Epoetin-α and β have comparable pharmacokinetics (Stockenhuber 1991). The terminal half-life of darbepoetin is estimated to be three times longer than intravenous epoetin-α. When studied in peritoneal dialysis patients, the time to peak concentration of darbepoetin was found to be more than double epoetin-α (54 vs. 16 to 24 hours) (Macdougall 2000) (Table 1). The newer continuous erythropoiesis receptor activator (CERA) is a post-translationally modified hyper-pegylated erythropoietin-β. The half-life of CERA is prolonged up to six days (Macdougall 2005) and can be administered once or twice a month (Sulowicz 2007).
|Intravenous route (hour)||4 to 11||8.8 to 10.4||18 to 25.3|
|Subcutaneous route (hour)||19 to 25.3||24||48||144|
|Clearance (intravenous route) (mL/hour/kg)||8.1 to 8.6||7.9||2.0|
|Bioavailability (subcutaneous route) (%)||30 to 36||15 to 50||37|
The United States Renal Data System (USRDS) has estimated the cost of ESA therapy at approximately USD 1.9 billion. With rising healthcare costs, and growing trends of bundling dialysis payment structures in Japan and the United States (Wish 2011), there is growing interest in limiting ESA usage.
Description of the intervention
ESAs (epoetins and darbepoetin) are approved for use by both subcutaneous and intravenous routes. In general, ESA administered intravenously has a shorter pharmacokinetic half-life (Table 1). Intravenous EPO requires more frequent dosing (generally three times a week) compared with subcutaneous administration (Besarab 1992). It may therefore be possible to reduce total ESA usage by using reliance on subcutaneous administration (Besarab 1992).
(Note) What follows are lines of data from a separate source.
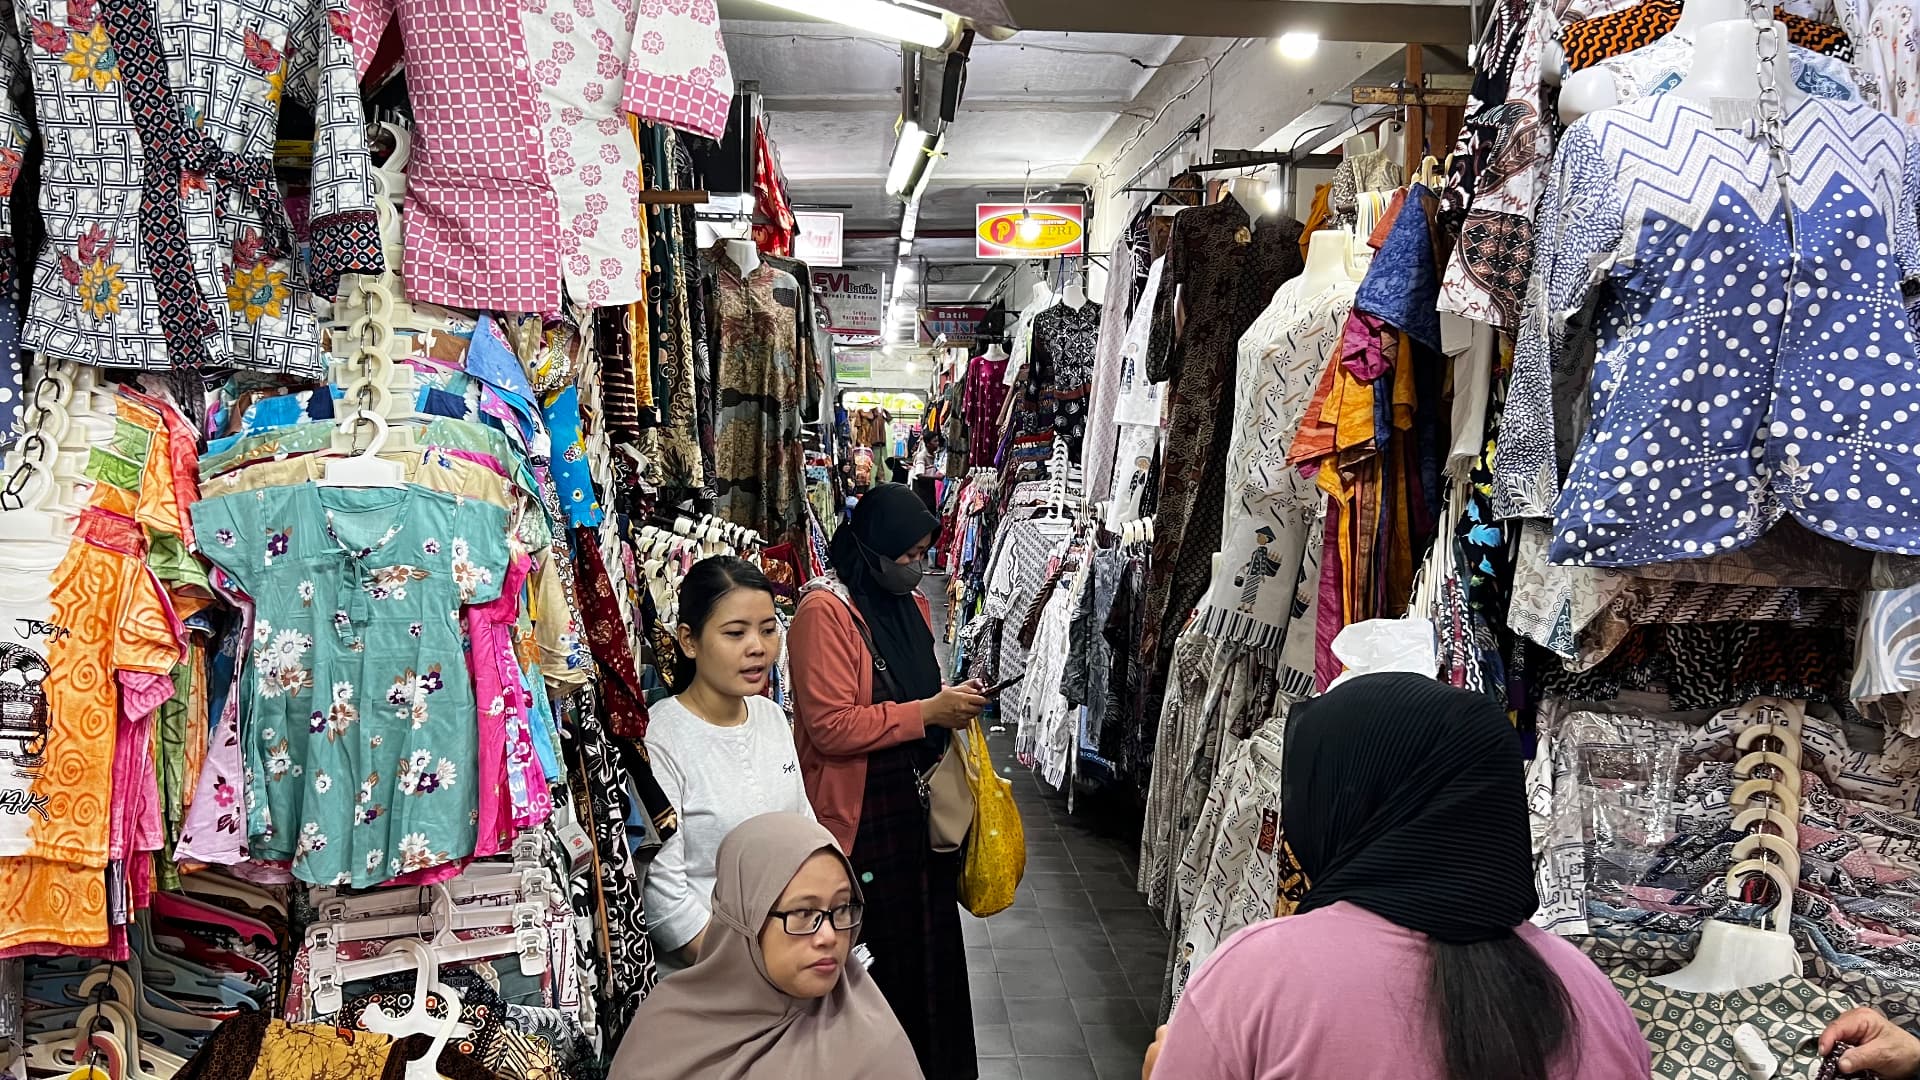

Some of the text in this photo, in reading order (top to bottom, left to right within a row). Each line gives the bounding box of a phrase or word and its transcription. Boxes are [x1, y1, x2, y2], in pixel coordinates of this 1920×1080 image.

[848, 283, 878, 295] Batik
[938, 311, 969, 319] Batik
[0, 788, 50, 822] AK
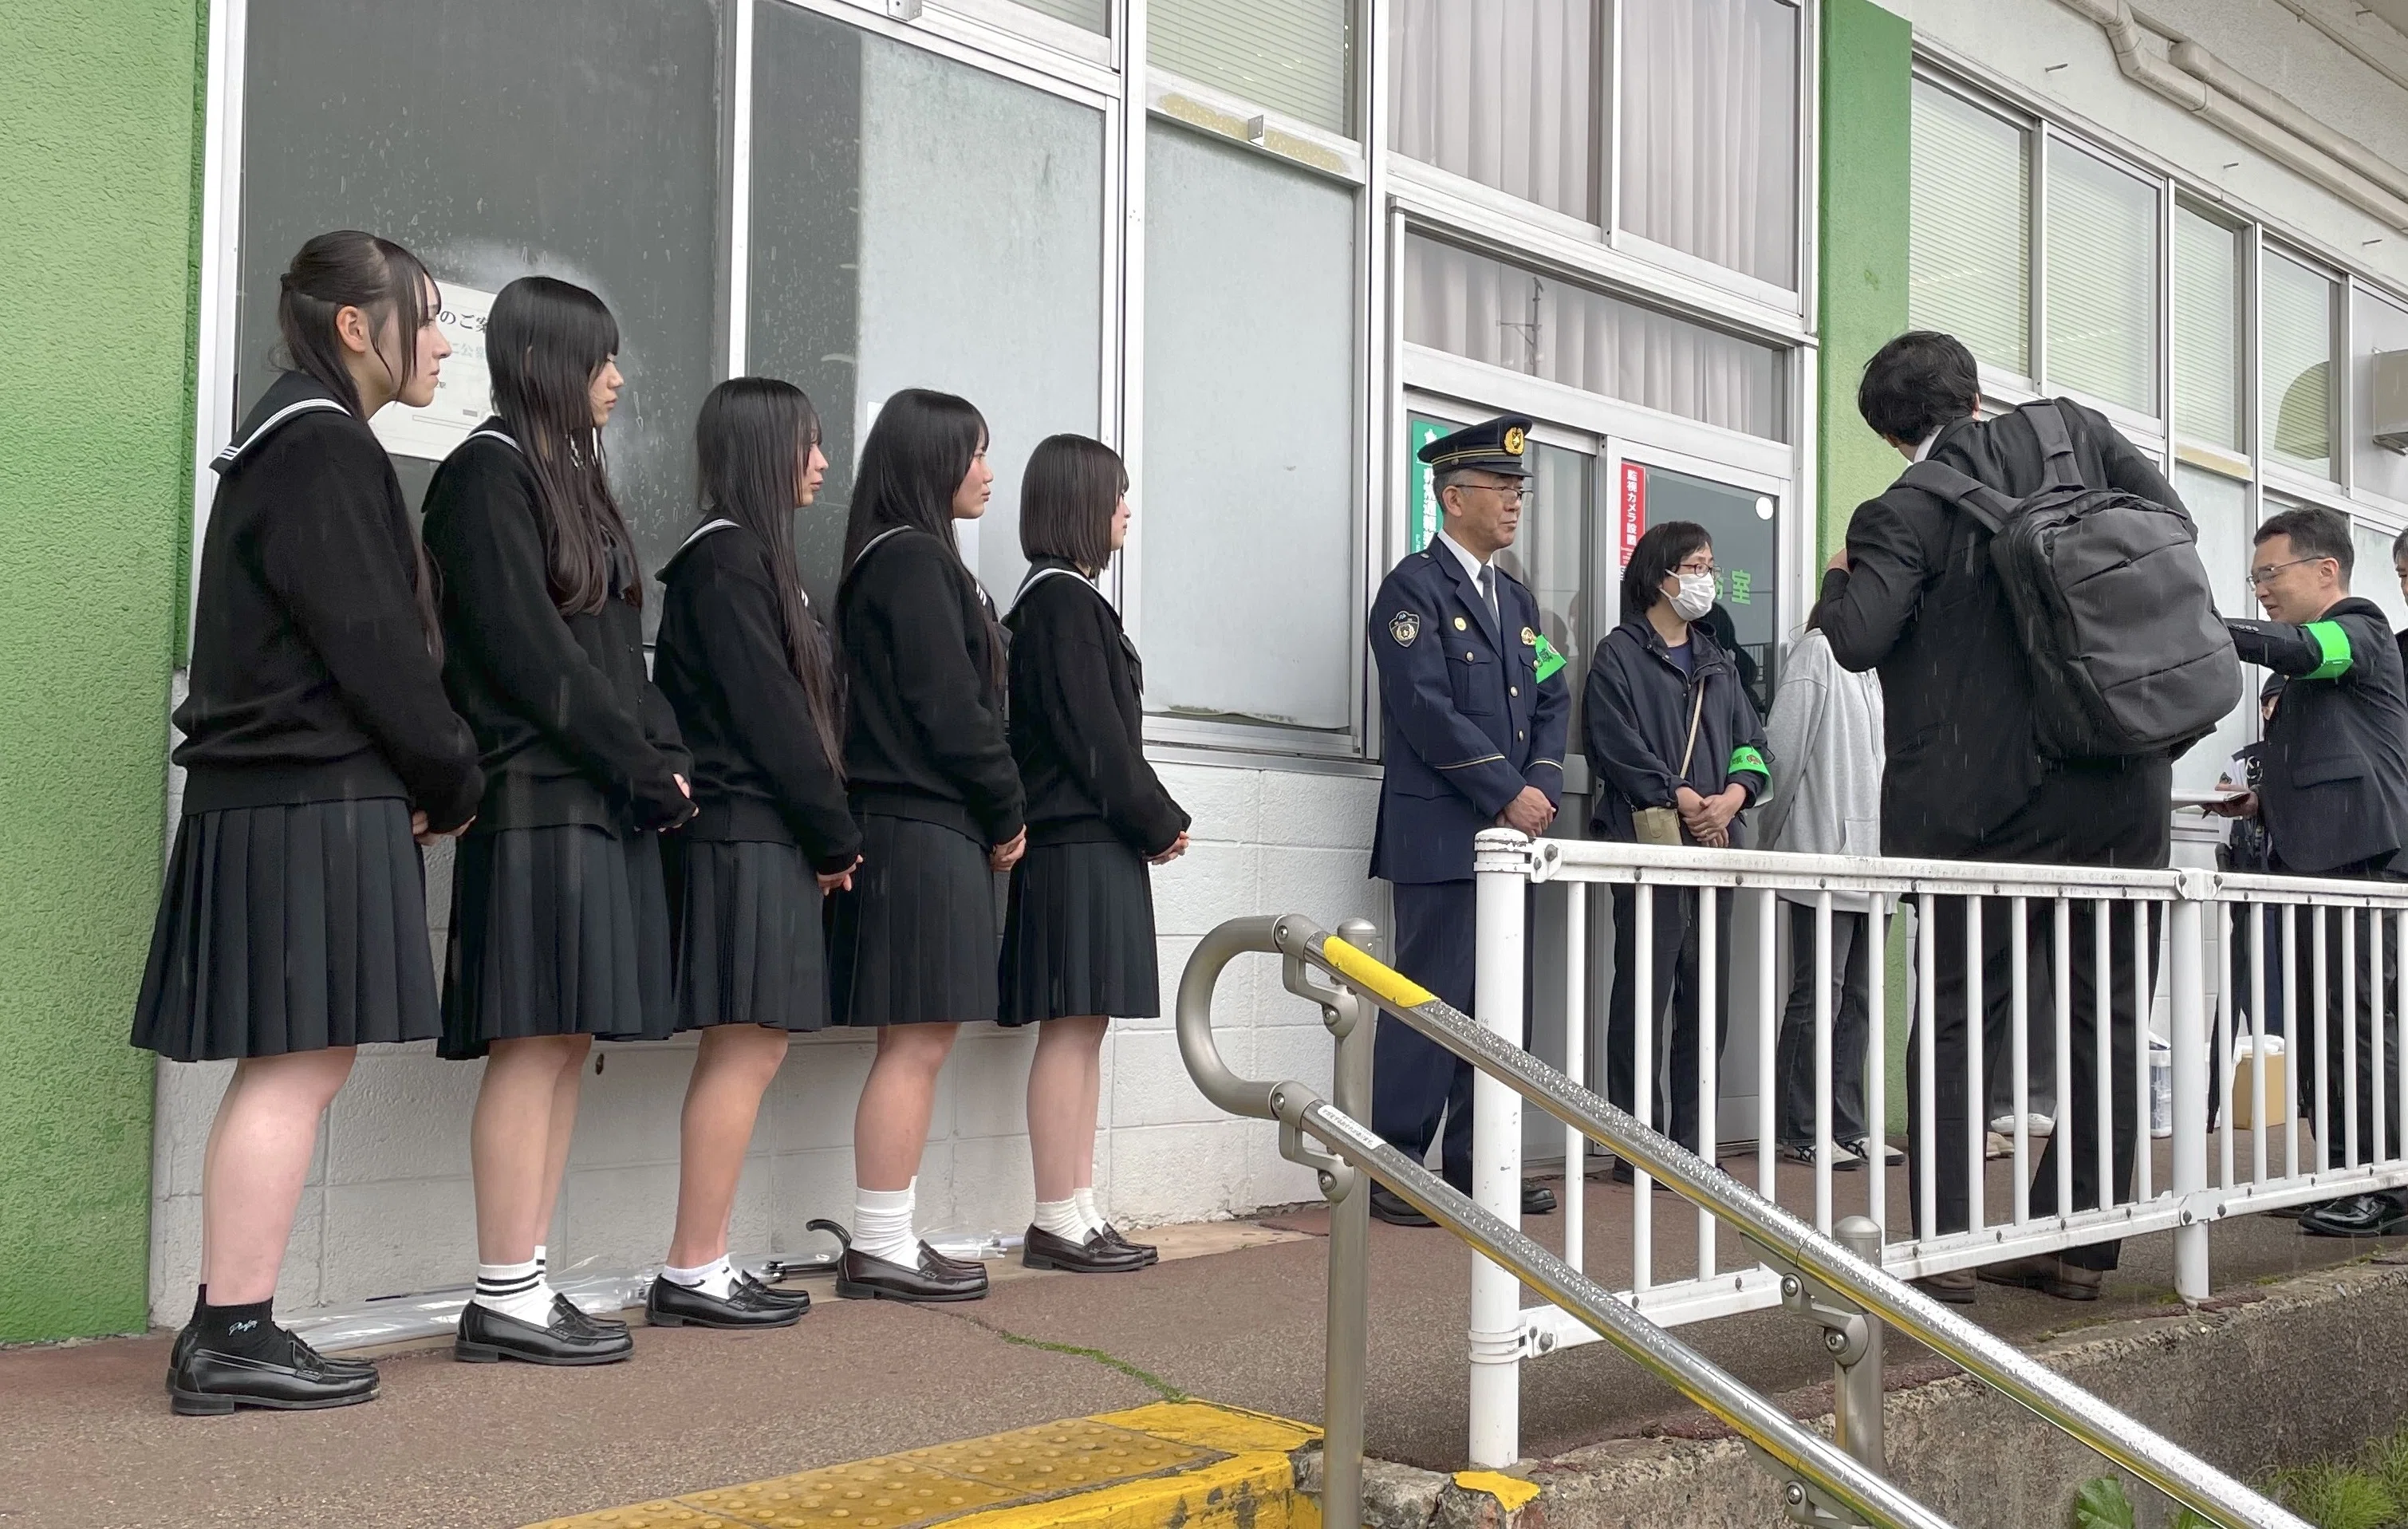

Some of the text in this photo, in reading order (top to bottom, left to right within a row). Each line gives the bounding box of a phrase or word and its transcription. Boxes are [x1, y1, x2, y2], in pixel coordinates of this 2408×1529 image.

[1626, 469, 1638, 546] 監視カメラ設置
Widespread concern arose in the early 2000s following early reports from Europe that described pure red cell aplasia (PRCA) as a complication from subcutaneous use of EPO (Casadevall 2002). This lead to a shift from subcutaneous to intravenous route administration across dialysis facilities in North America, Europe, Japan, and Australia. Some potential advantages of subcutaneous use include lower dose requirements, and theoretically, a decreased risk of access thrombosis by avoiding exposure to high EPO concentrations and exacerbation of hypertension due to decreased peaks in EPO concentrations.
Concerns about PRCA has prompted reinvestigation of policies concerning subcutaneous EPO use. Results have indicated that red cell aplasia reporting frequency has reduced in North America (Bennett 2004). Several investigators have successfully demonstrated reductions in EPO dose requirements by switching from intravenous to subcutaneous use.
The risks of injection site pain and PRCA need to be weighed carefully against benefits obtained from subcutaneous EPO use.
Why it is important to do this review
Well designed studies (Kaufman 1998; Muirhead 1992) have shown a reduction in EPO requirements and costs of treatment by using subcutaneous EPO. Others (Jensen 1996) have failed to show a benefit of subcutaneous EPO over intravenous use. Furthermore, there is a lack of consistent estimates of reduction in dosage requirements, and resulting cost savings that may be gained from switching from intravenous to subcutaneous EPO use. As dialysis facilities throughout the world grapple with decisions to switch from intravenous to subcutaneous administration of EPO, results from this review will help to provide guidance in decision making. Our review will also aim to collate and summarise the side effect profile of intravenous versus subcutaneous EPO treatment.